Extracted information ▸
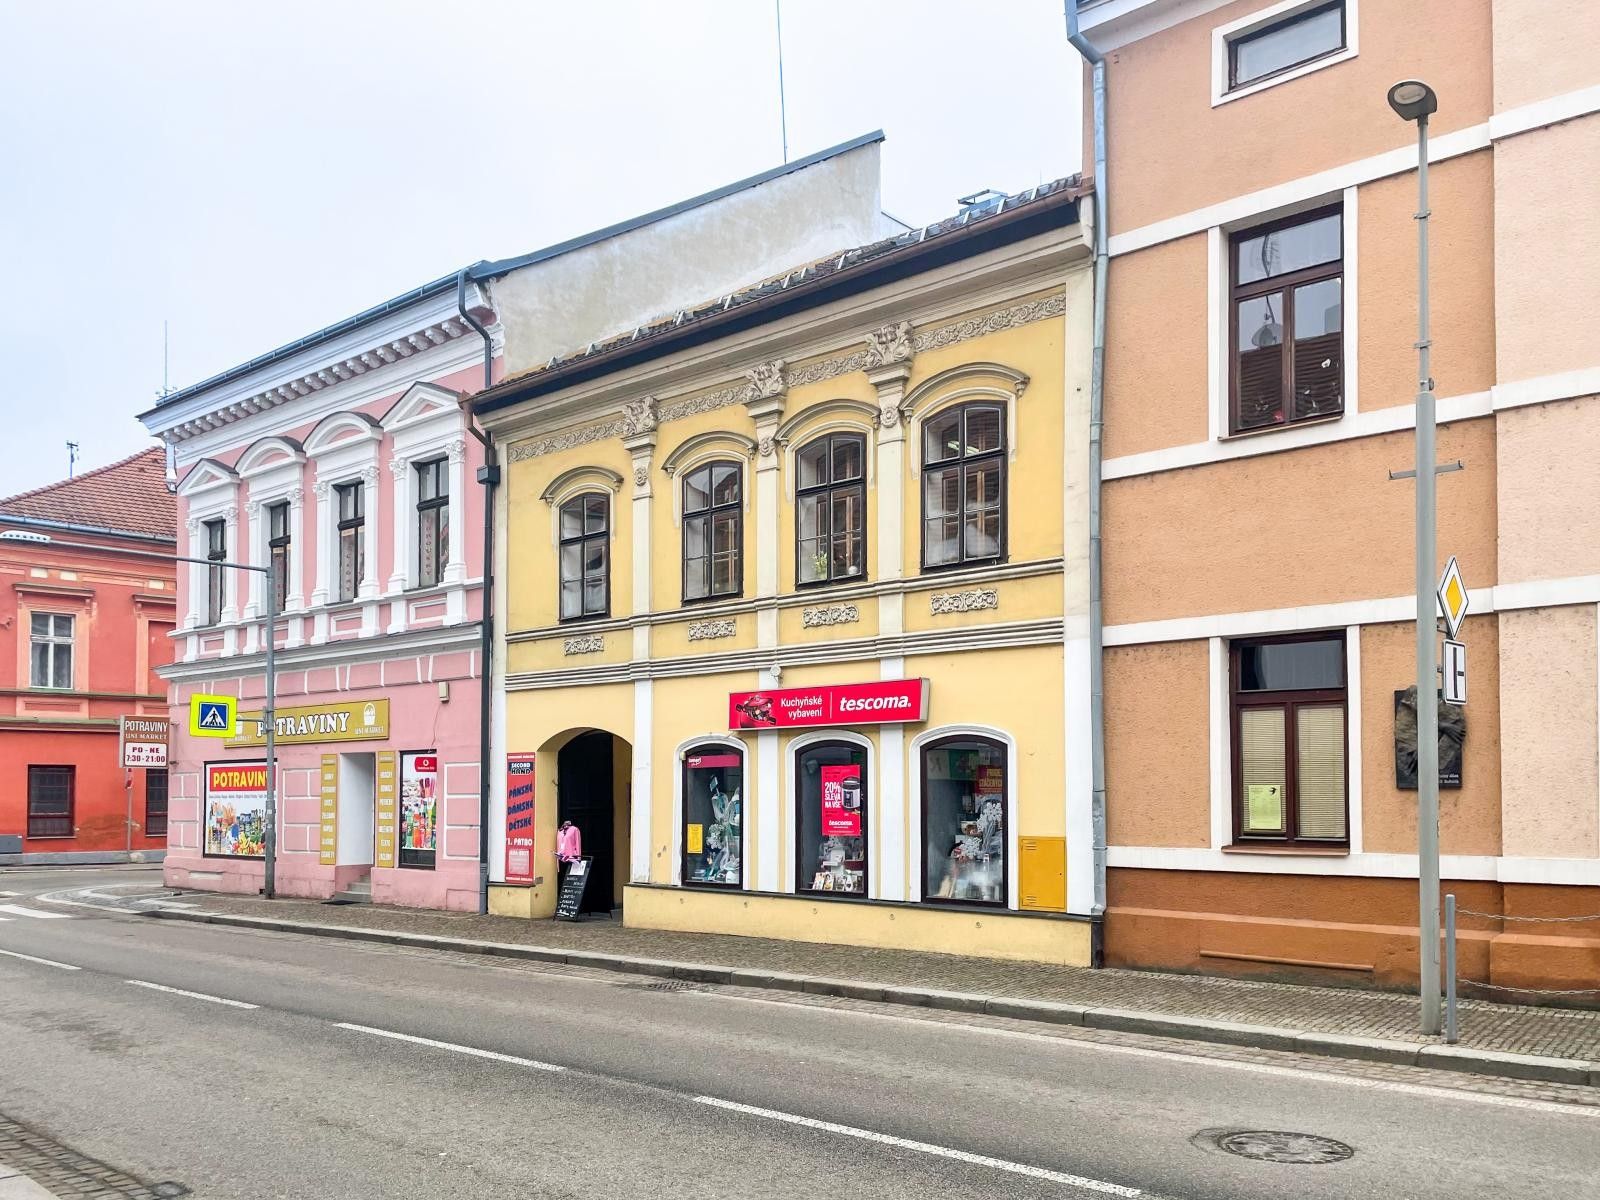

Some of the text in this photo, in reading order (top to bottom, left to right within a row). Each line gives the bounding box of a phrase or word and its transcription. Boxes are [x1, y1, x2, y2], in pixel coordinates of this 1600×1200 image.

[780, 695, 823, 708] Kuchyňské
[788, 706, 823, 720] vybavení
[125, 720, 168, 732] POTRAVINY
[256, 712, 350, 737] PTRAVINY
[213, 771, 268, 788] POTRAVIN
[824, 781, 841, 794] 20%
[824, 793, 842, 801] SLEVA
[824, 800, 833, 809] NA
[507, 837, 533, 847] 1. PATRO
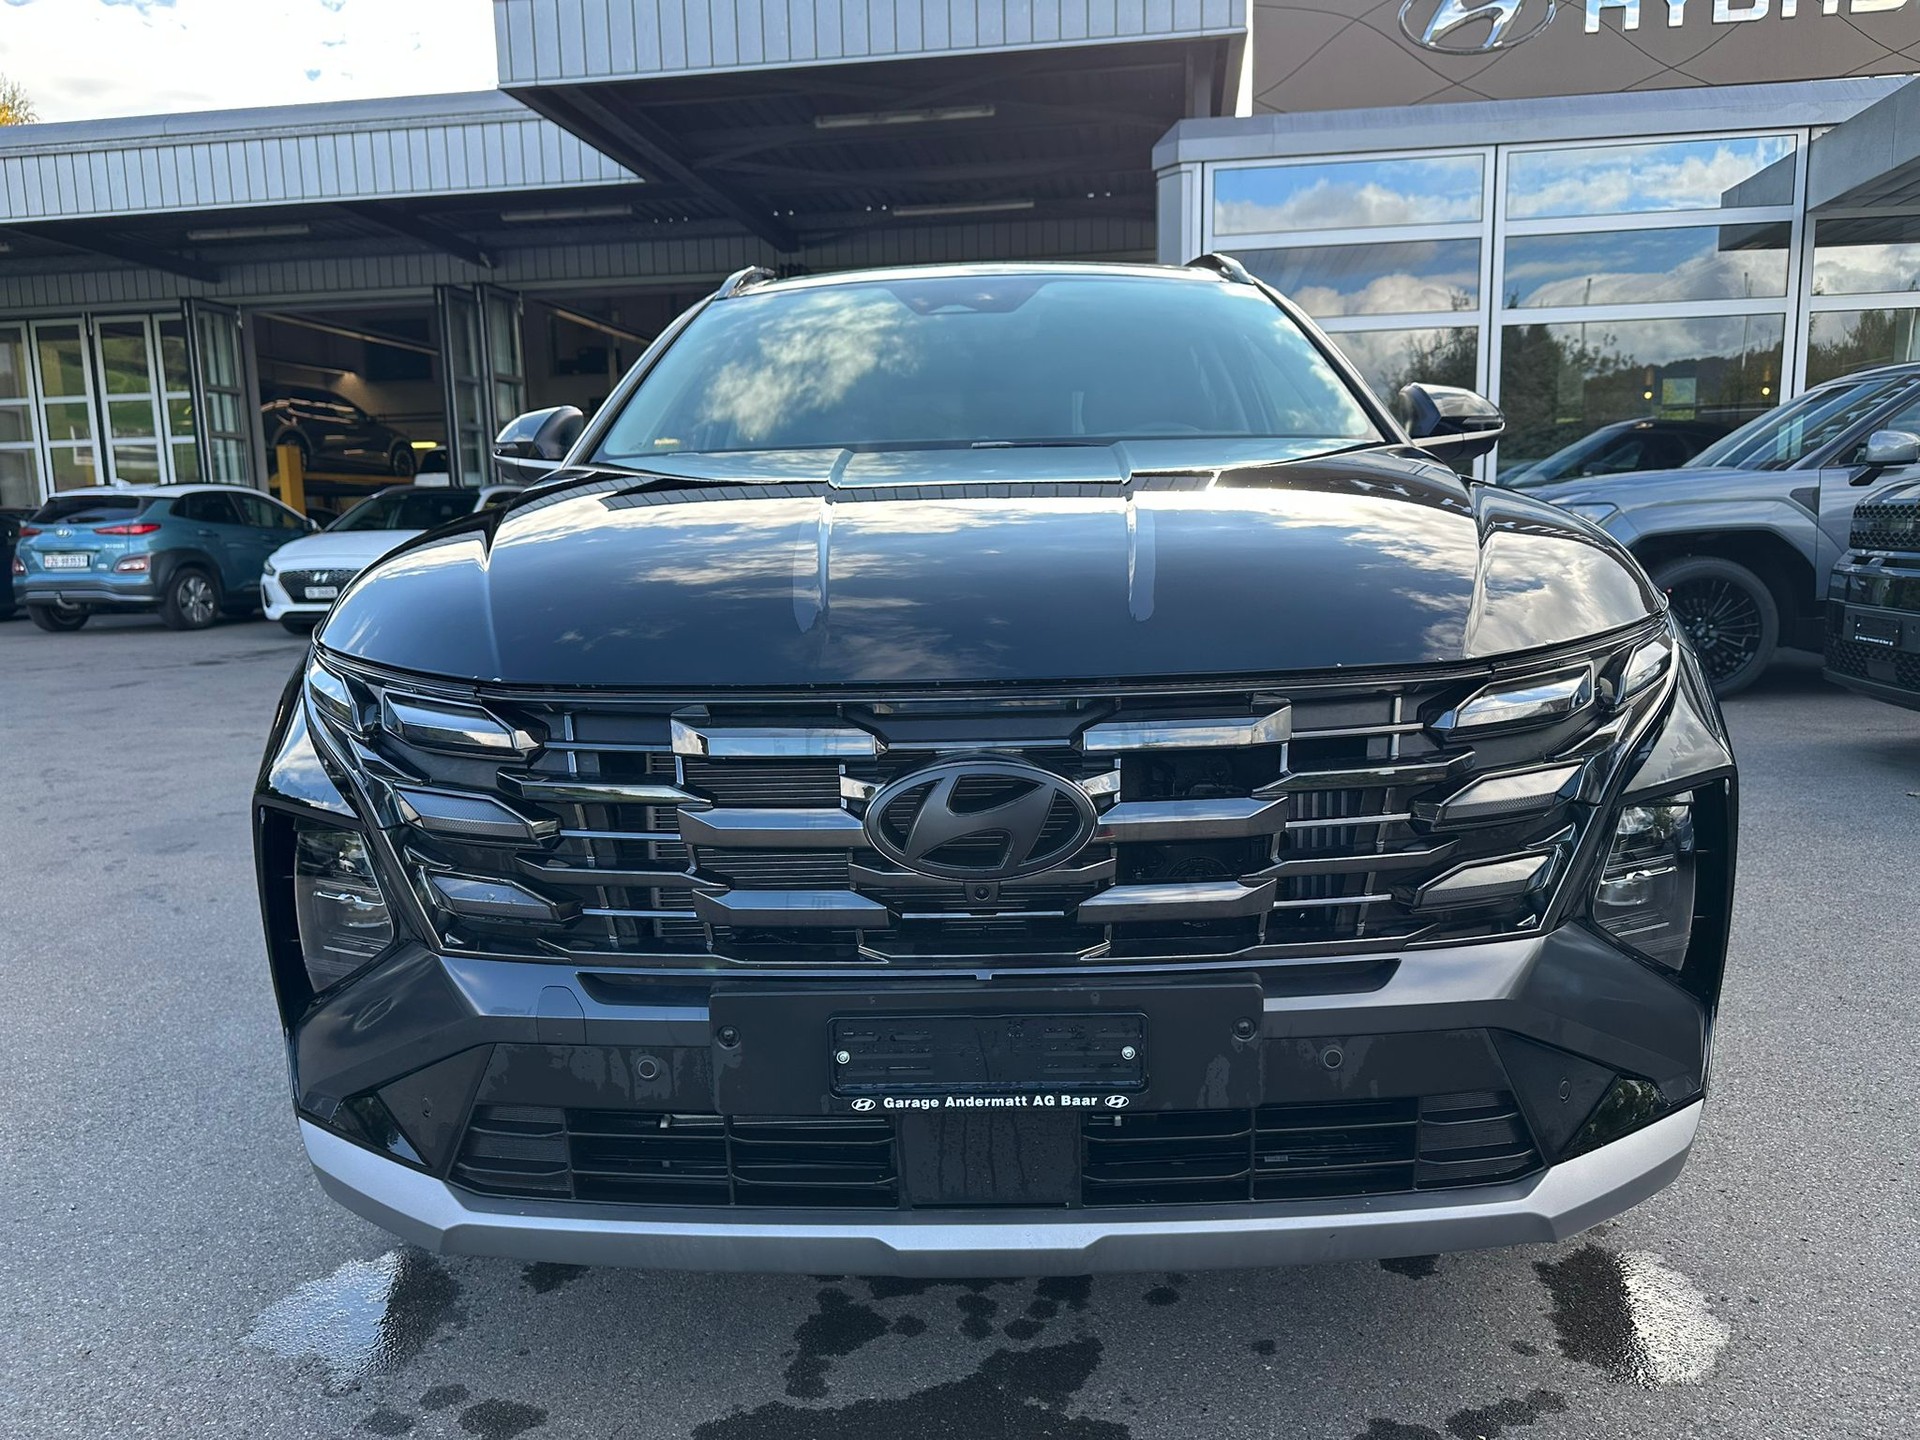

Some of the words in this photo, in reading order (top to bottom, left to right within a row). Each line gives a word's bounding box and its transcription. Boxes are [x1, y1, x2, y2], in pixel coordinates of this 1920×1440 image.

Problem to work on ▸
Copy every entry above exactly as it stands, but leave the pictures out.

Answer to the problem ▸
Some of the text in this photo, in reading order (top to bottom, left to right within a row). Each line gives the bounding box of a phrase or word and its transcription. Boxes are [x1, y1, x2, y2], in pixel coordinates of this 1600×1200 image.

[780, 695, 823, 708] Kuchyňské
[788, 706, 823, 720] vybavení
[125, 720, 168, 732] POTRAVINY
[256, 712, 350, 737] PTRAVINY
[213, 771, 268, 788] POTRAVIN
[824, 781, 841, 794] 20%
[824, 793, 842, 801] SLEVA
[824, 800, 833, 809] NA
[507, 837, 533, 847] 1. PATRO

Some of the words in this photo, in reading order (top to bottom, left to right within a row). Each line gives a word's bounding box and its transcription. Boxes are [x1, y1, x2, y2], in pixel coordinates of this 1920×1440 image.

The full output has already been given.